I'm black. And I totally understand the genesis of this particular brand of stupidity and self-hatred. Mass Incarceration, its bastard child, Hurricane Illegitimacy, and their marketing firm, commercial hip-hop music, have created a culture that perpetrates the idea that authentic blackness is criminal, savage, uneducated and irresponsible. The tenets of white supremacy and bigotry have been injected into popular youth culture. The blackest things a black man can do are loudly spew the N-word publicly and react violently to the slightest sign of disrespect or disagreement.
Right now the Dolphins are 4-5 after their loss at Tampa Bay, but just one game out of a playoff spot behind the potentially combustible Jets (whom they still get to play twice). This whole situation has crippled their offensive line, depriving Miami of a very talented left guard and an at least adequate left tackle, both of whom are probably pretty necessary in order to protect inexperienced second-year quarterback Ryan Tannehill, to say nothing of the running game.**** All this right before they play the following games: at Tampa Bay (loss), San Diego, Carolina, at New York Jets, at Pittsburgh, New England, at Buffalo, New York Jets. If Monday night was any indication (against a crappy team that may have quit on their coach more than a month ago), they're in for a rough ride, yet there is ZERO contrition from anyone in the locker room about how they allowed the situation to reach that point (something that is puzzling to veterans in pretty much every other locker room, even lowly Jacksonville). I find it all rather confusing, and frankly pretty stupid and short-sighted.
****It bears repeating; the Dolphins rushed for TWO YARDS against Tampa Bay.
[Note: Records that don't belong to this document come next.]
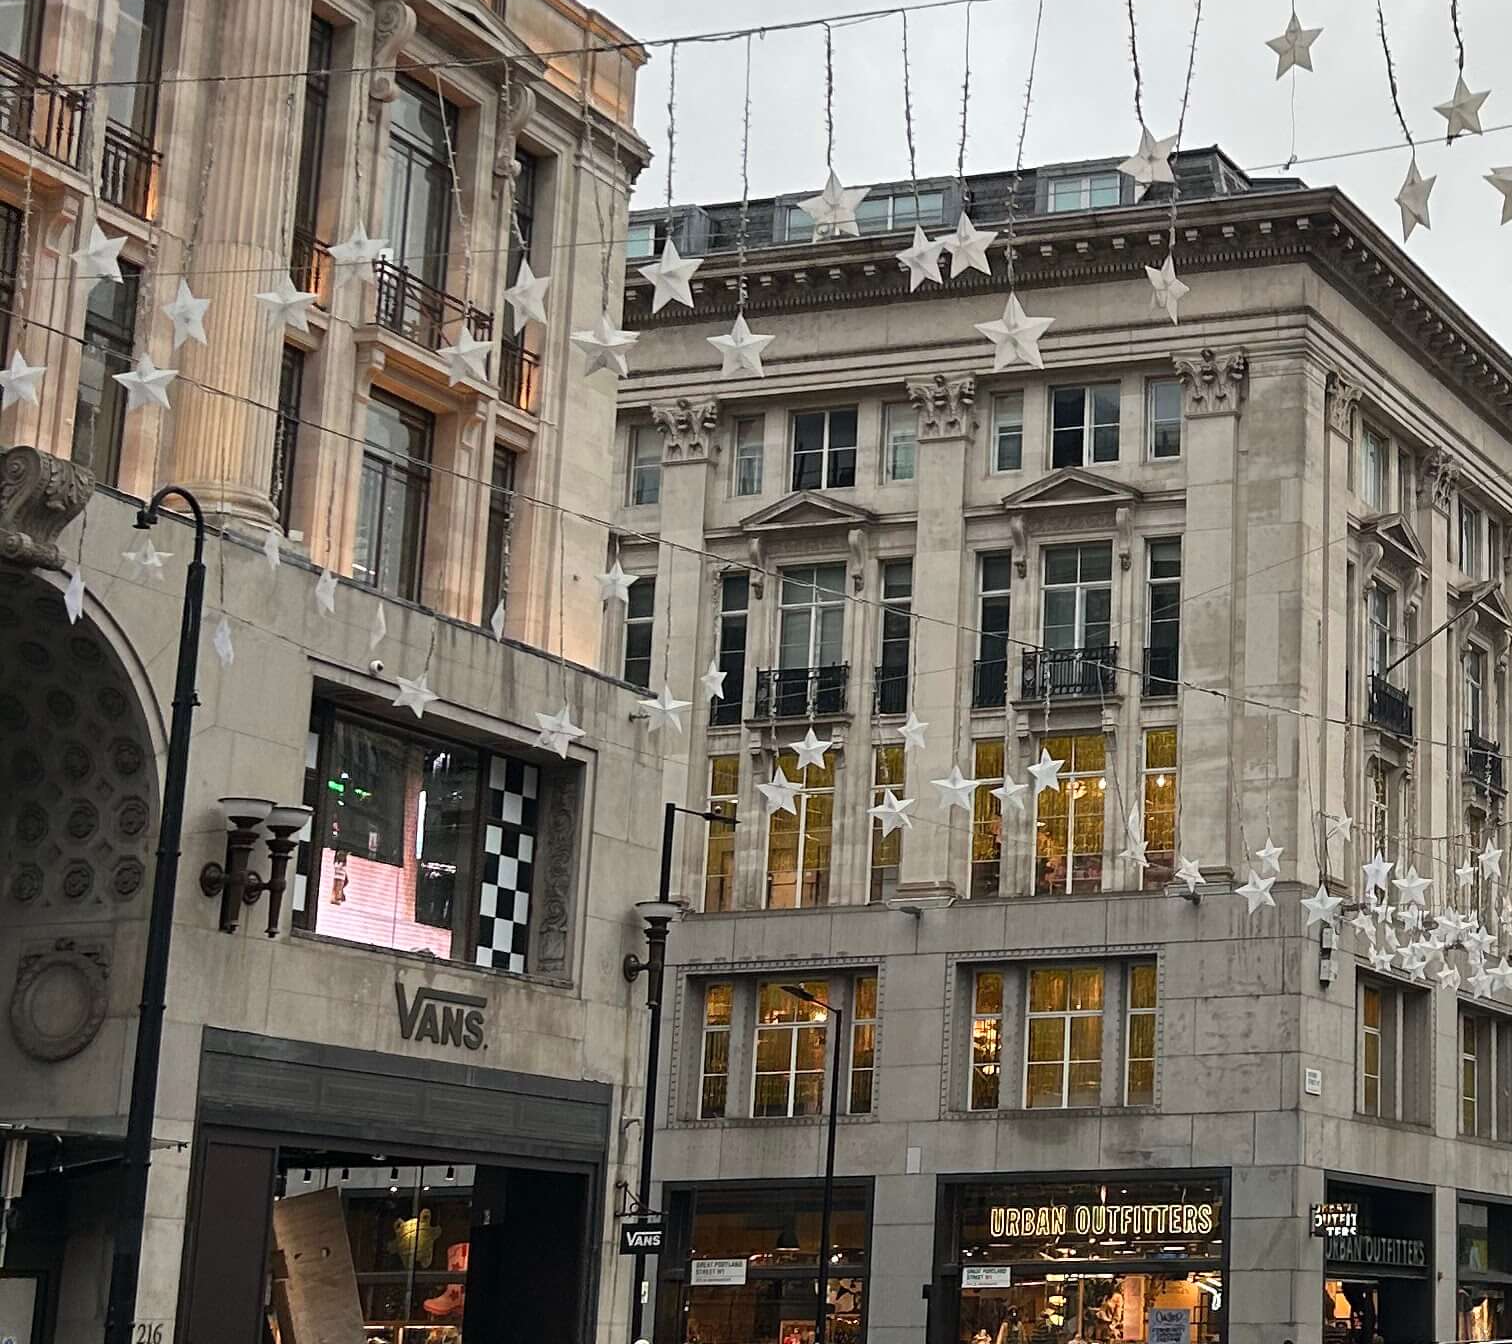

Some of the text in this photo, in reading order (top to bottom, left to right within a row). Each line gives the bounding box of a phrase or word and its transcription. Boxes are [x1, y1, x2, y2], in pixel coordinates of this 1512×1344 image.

[991, 1204, 1212, 1237] URBAN OUTFITTERS
[1314, 1213, 1358, 1227] OUTFIT
[626, 1231, 663, 1246] VANS
[1325, 1226, 1357, 1236] TERS
[1365, 1236, 1425, 1266] OUTFITTERS
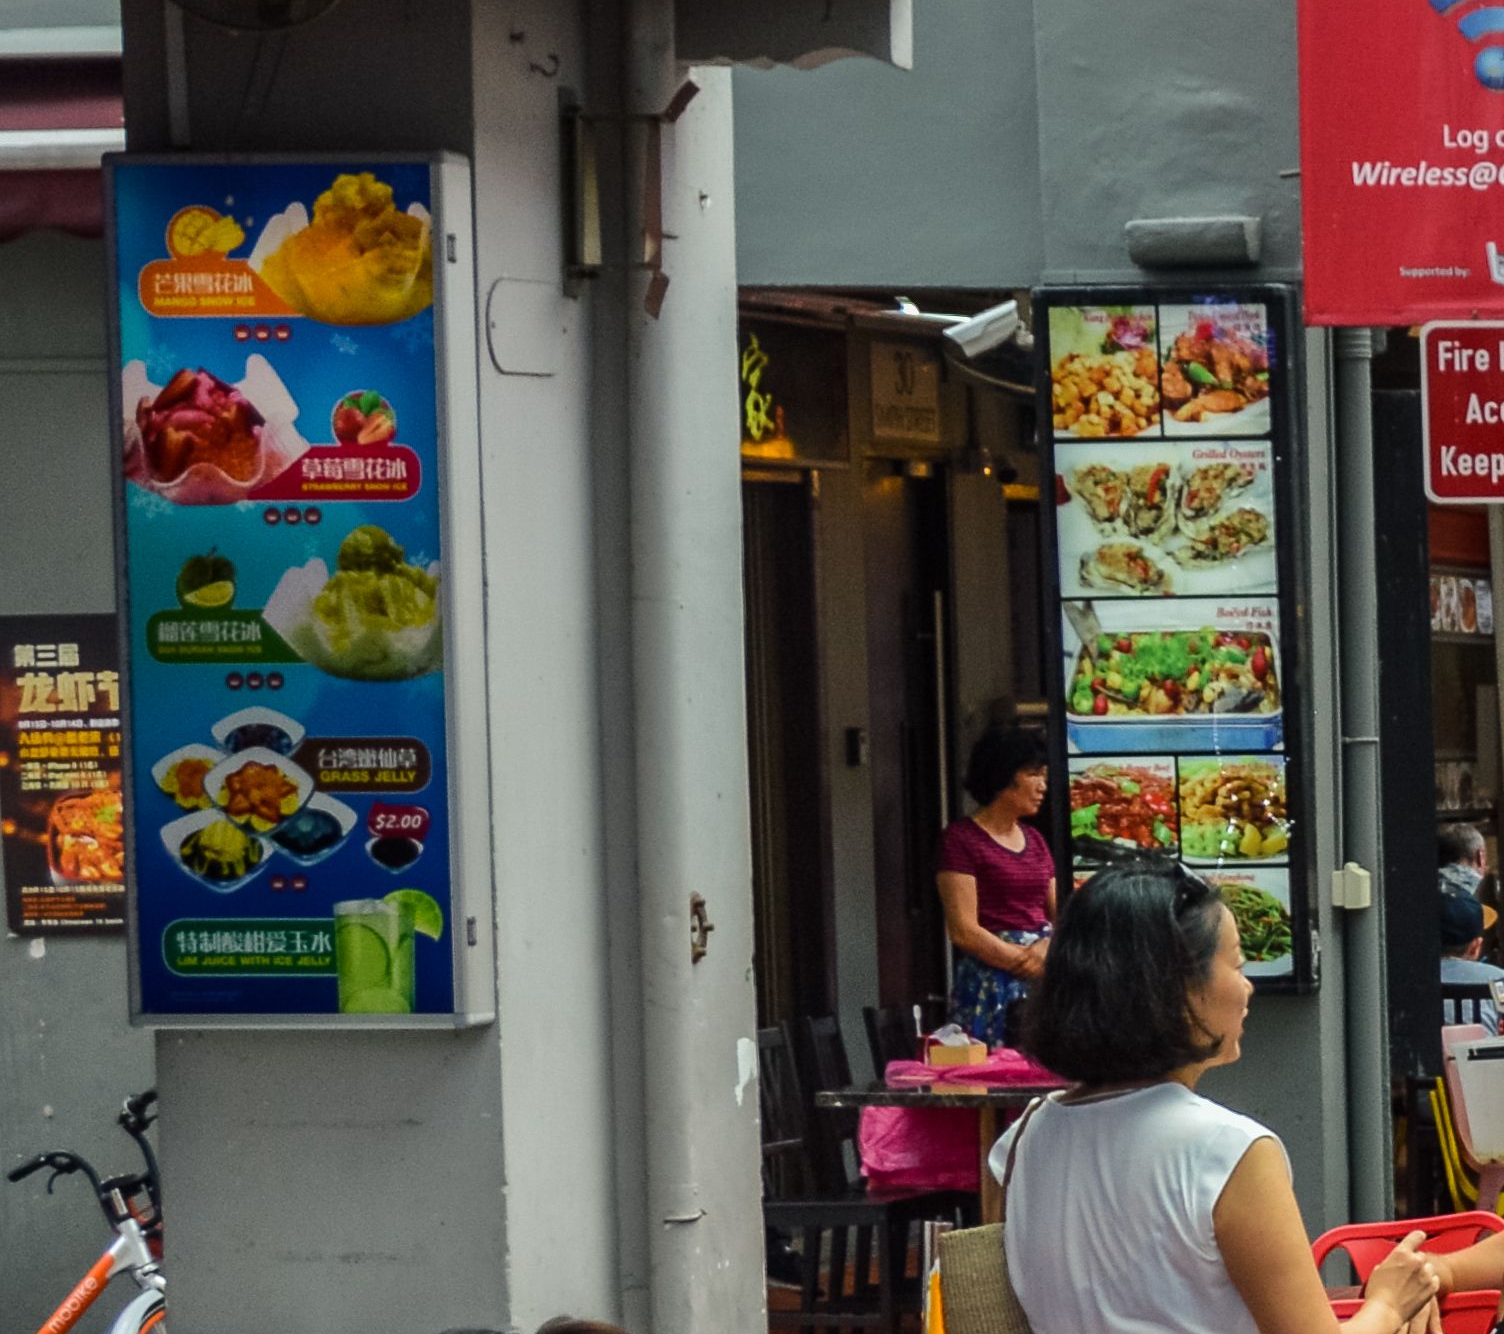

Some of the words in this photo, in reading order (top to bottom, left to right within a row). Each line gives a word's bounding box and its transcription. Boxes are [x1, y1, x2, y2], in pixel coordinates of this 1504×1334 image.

[1443, 124, 1490, 154] Log
[1400, 267, 1451, 280] Supported
[1438, 341, 1490, 371] Fire
[1192, 449, 1226, 460] Grilled
[302, 458, 407, 480] 草莓雪花冰
[302, 482, 362, 491] STRAWBERRY
[14, 643, 79, 667] 第三届
[320, 771, 370, 783] GRASS
[373, 771, 417, 783] JELLY
[375, 814, 422, 829] $2.00
[201, 956, 237, 967] JUICE
[240, 956, 270, 967] WITH
[273, 956, 295, 967] ICE
[298, 956, 331, 967] JELLY
[48, 1276, 98, 1334] mobike
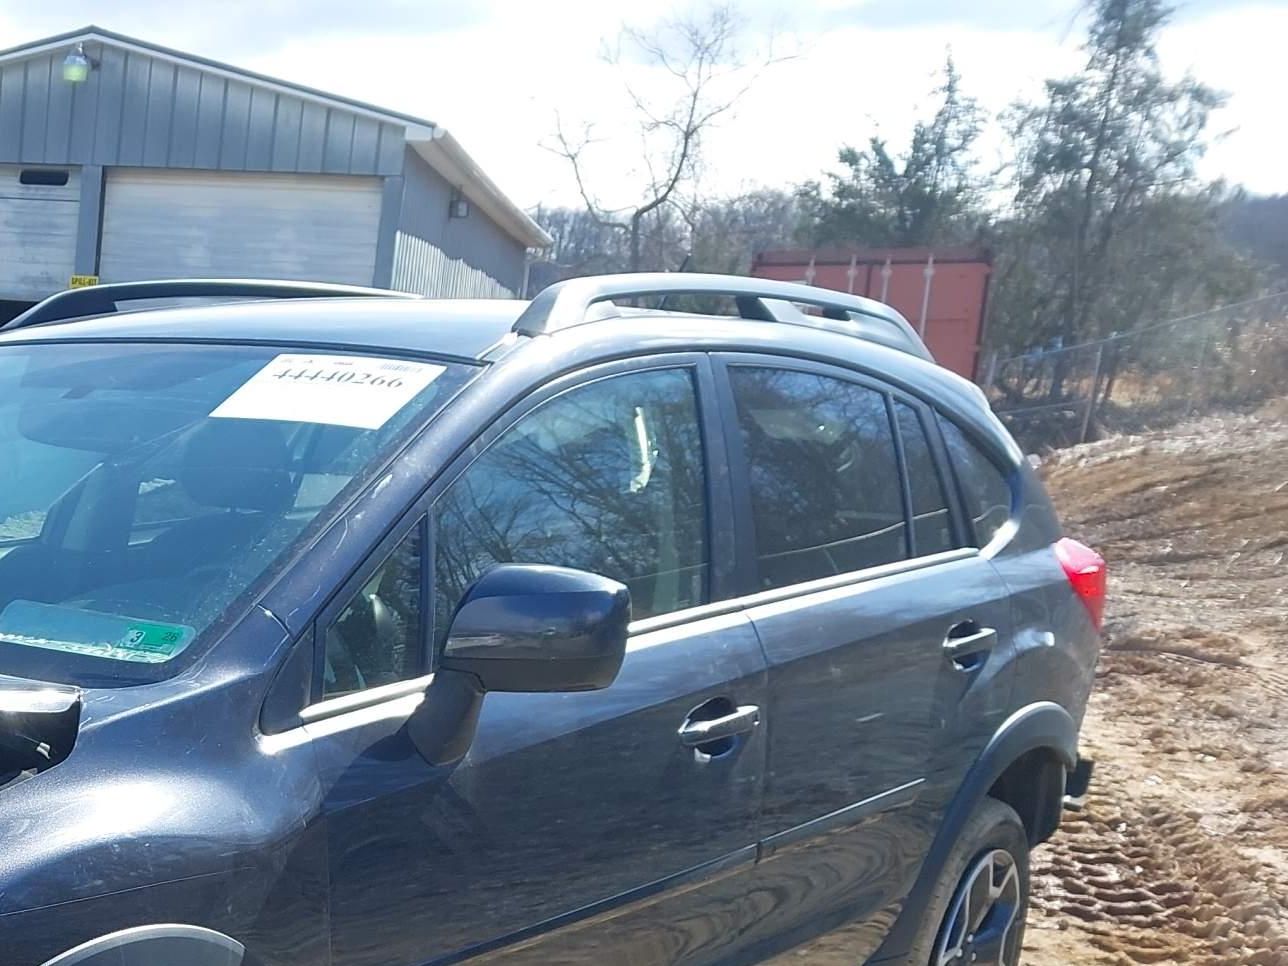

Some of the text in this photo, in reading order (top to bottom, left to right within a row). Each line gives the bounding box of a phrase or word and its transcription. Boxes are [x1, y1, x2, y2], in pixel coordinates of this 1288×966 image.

Look, playing professional football is clearly not for everyone. It's a punishing, brutal game whose effects on body and mind alike are severe. But this whole absurd scenario has underscored the short shrift that mental health awareness gets in our society. By any measure, Richie Incognito and Jonathan Martin were both valuable football players, and both also clearly have mental health issues that, while vastly different, affect their ability to perform to the best of their capabilities. Neither may ever play for the Dolphins again, and Martin in particular is going to have a difficult time finding another job in the league, unless he proves that he can be a real mauler on the line; other teams are going to naturally shy away from signing someone who "may not be a good fit in our locker room." Incognito is running out of strikes, but with his performance record will probably get another chance from someone, although hopefully not with any kind of official leadership role attached. In the end, Dolphins management, coaches, and players fostered an environment in which there was little to no control or personal accountability in the locker room, and their failure to police themselves has opened the organization up and turned it into a circus spectacle, seriously damaging the whole franchise in the immediate future.